- What is a hair dye?
- Specific compounds can cause cancer in rodents and cell studies
- Epidemiological studies
It is thought that more than one out of threel women over the age of 18 and around 10% of men over 40 use hair dye products. There are many different types of hair dye, some is permanent, whereas others are temporary.
As these dyes are not typically natural and require numerous synthetic chemicals during manufacture, some people have raised concerns about whether some hair dye products could increase the risk of developing cancer.
What is a hair dye?
Modern hair dyes that offer permanent dying often include a colourless intermediate dye which undergoes chemical reactions with hydrogen peroxide to form colour, or pigment compounds.
The darker the colour, the higher the concentration of these intermediates. This contrasts to other forms of dyes which are more temporary that include coloured compounds ready to stain the hair.
Early hair dyes contained a lot of intermediate compounds, known as aromatic amines, and animal studies indicated that they contained potentially carcinogenic compounds. As such, the industry began removing these from the manufactured product, however, some still may remain in present day dyes.
Determining each individual compounds’ carcingoenic property is difficult and it is not known whether modern aromatic amines could still present a health hazard.
Specific compounds can cause cancer in rodents and cell studies
The first line of evidence to suggest that hair dyes may cause cancer came from animal studies performed on mice and rats, where administration of specific amines (e.g. 2-nitro-p-phenylenediamine) resulted in carcinogenity, but others such as 4-nitro-o-phenylenediamine had no carcinogenic effects at all. These compounds have a chemical structure that resembles tar, and tar is known to be carcinogenic.

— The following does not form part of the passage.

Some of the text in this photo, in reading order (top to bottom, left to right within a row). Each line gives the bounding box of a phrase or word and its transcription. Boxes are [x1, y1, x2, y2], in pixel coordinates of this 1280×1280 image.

Mutagenicity assays developed by Ames and colleagues in 1975 provided a quick and efficient way of determining carcinogenity of various compounds using Salmonella. Here, 10 out of 18 tested compounds including 2,4-diaminoanisole and 2-nitro-p-phenylenediamine (already identified as carcinogenic in mice) were shown to be mutagenic. Mutagenicity refers to a compounds ability to induce genetic mutations in cells that can then go on to form cancers.

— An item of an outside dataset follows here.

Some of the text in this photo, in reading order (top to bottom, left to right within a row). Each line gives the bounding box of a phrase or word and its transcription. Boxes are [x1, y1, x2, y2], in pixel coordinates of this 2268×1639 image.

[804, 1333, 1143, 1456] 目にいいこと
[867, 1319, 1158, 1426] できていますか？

Over the years, specific amines were tested and published lists became available showing the effect of each compound on cell, animal and human studies. However, at the same time when testing commercial hair dyes applied topically, rather than administered orally in rodents, the same compounds that showed carcinogenity revealed no ill side effects with respect to their cancerous properties. This is because there intermediates need to be coupled to peroxide to form pigment, and during this reaction their mutagenic properties become limited, as long as topical administration duration is limited, as it is in humans. Still, companies have eliminated most cancer positive compounds from rodent and cell studies.

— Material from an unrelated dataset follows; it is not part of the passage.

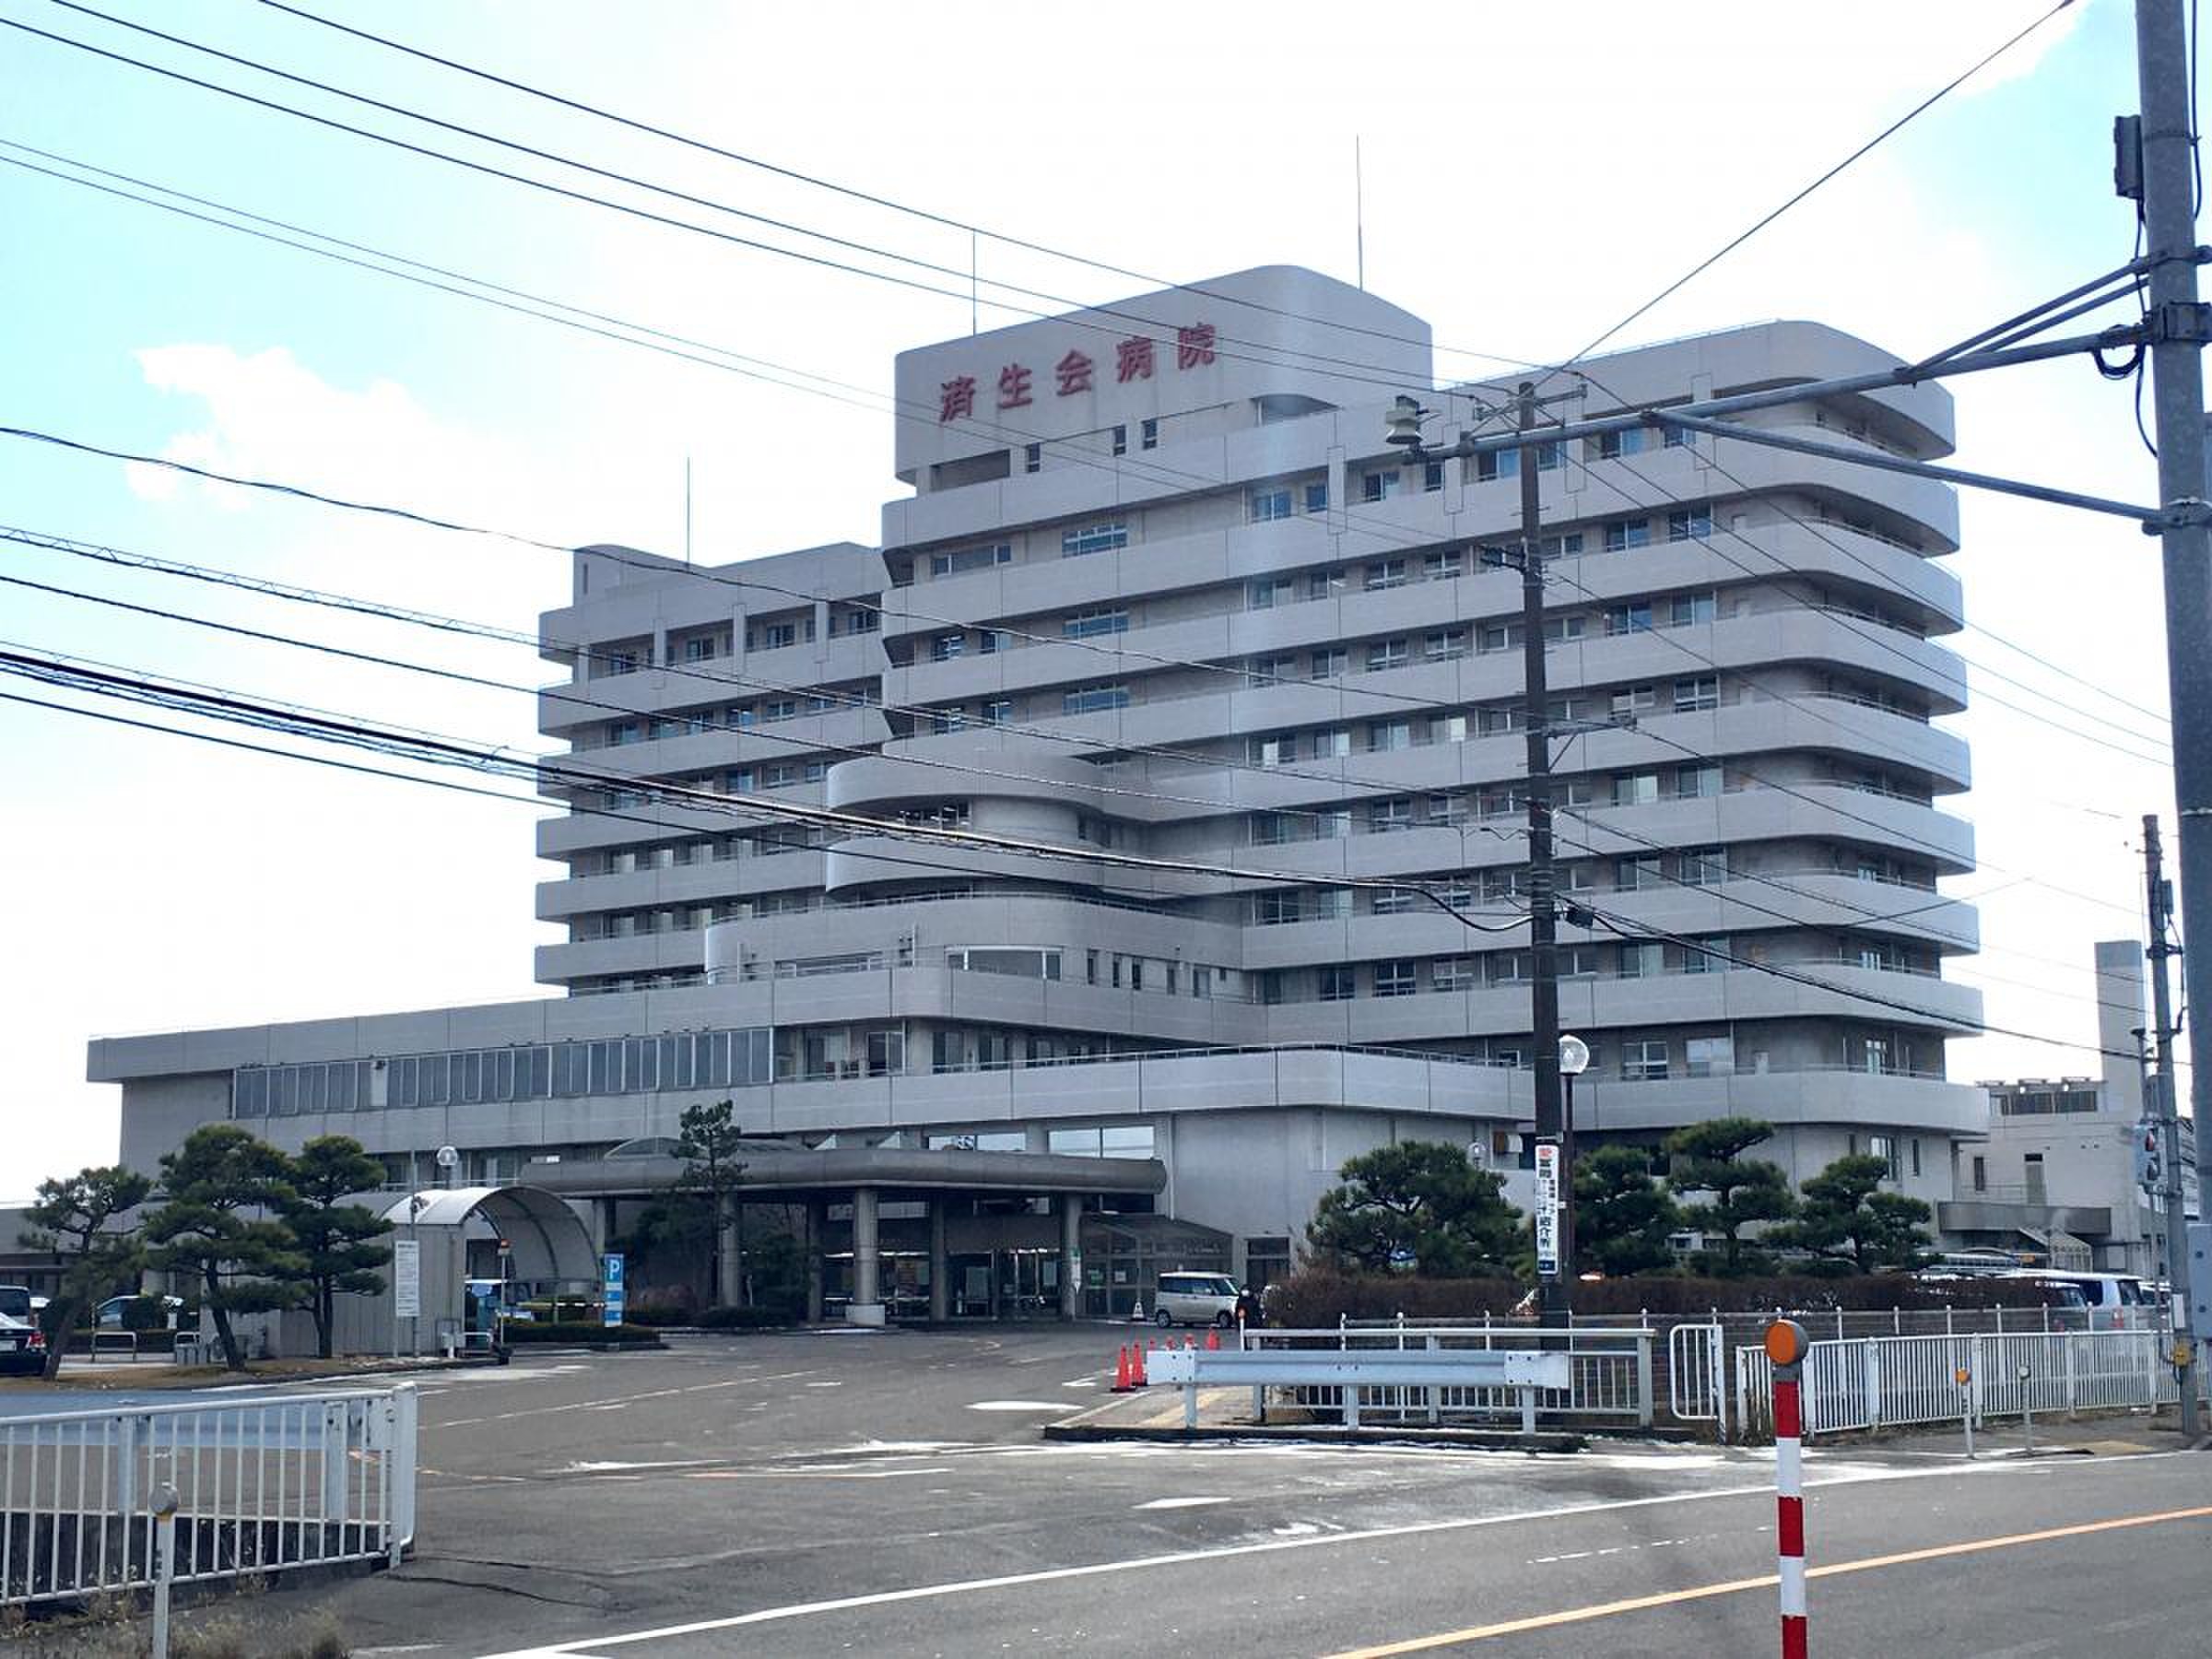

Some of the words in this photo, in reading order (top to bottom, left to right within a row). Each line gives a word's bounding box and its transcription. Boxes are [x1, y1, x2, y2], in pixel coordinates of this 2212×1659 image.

A population study in Los Angeles, US involving 897 patients with bladder cancer found an increased risk of cancer when a permanent hair dye was used on a long-term basis. However, subsequent studies including a larger cohort of nearly 45,000 hairdressers in Sweden did not show such an increased risk of bladder cancer and hair dye usage, or handling.
Other studies looking into hairdressers and cancer risk have found similar patterns where the risk of bladder cancer was increased in hairdressers compared when compared with a control population.
Here there may be a discrepancy between hairdressers, who routinely are exposed to these dyes and chemicals, as opposed to users of hair dyes.
Hairdressers are also exposed to other potentially carcinogenic compounds and volatile solvents and thus proving causality may be difficult.
Another study found the same associations for male hairdressers but not female hairdressers. It is often hard to control for confounders such as smoking and lifestyle factors such as alcohol and exercise which all play a role in cancer development. This is supported by a Spanish study which failed to establish a positive association between exposure to dye in female hairdressers.
Most research have shown no significant increased risk of developing cancer with personal hair dye usage. However, there are some notable studies which identified an increased risk of bladder cancer with users of permanent hair dye users in females who used dyes more than 12 times a year, for more than 15 years. Therefore, regular usage of permanent hair dyes for a long time may increase the risk of cancer.
Other studies have shown moderately increased risk of developing non-Hodgkin lymphoma and leukaemia, but many other studies have failed to see these effects and associations.
Where there is an effect, users of hair dyes were typically using dyes pre-1980s (older studies) when aromatic amines were still used.
It is important to note that hair dye manufacturing varies country to country, and observations within the EU/UK may be different to non-EU, US/Americas and Asian countries. Furthermore, the darker the dye (black), the higher the risk of cancer than lighter dyes. It is also important to analyse the studies based on this observation.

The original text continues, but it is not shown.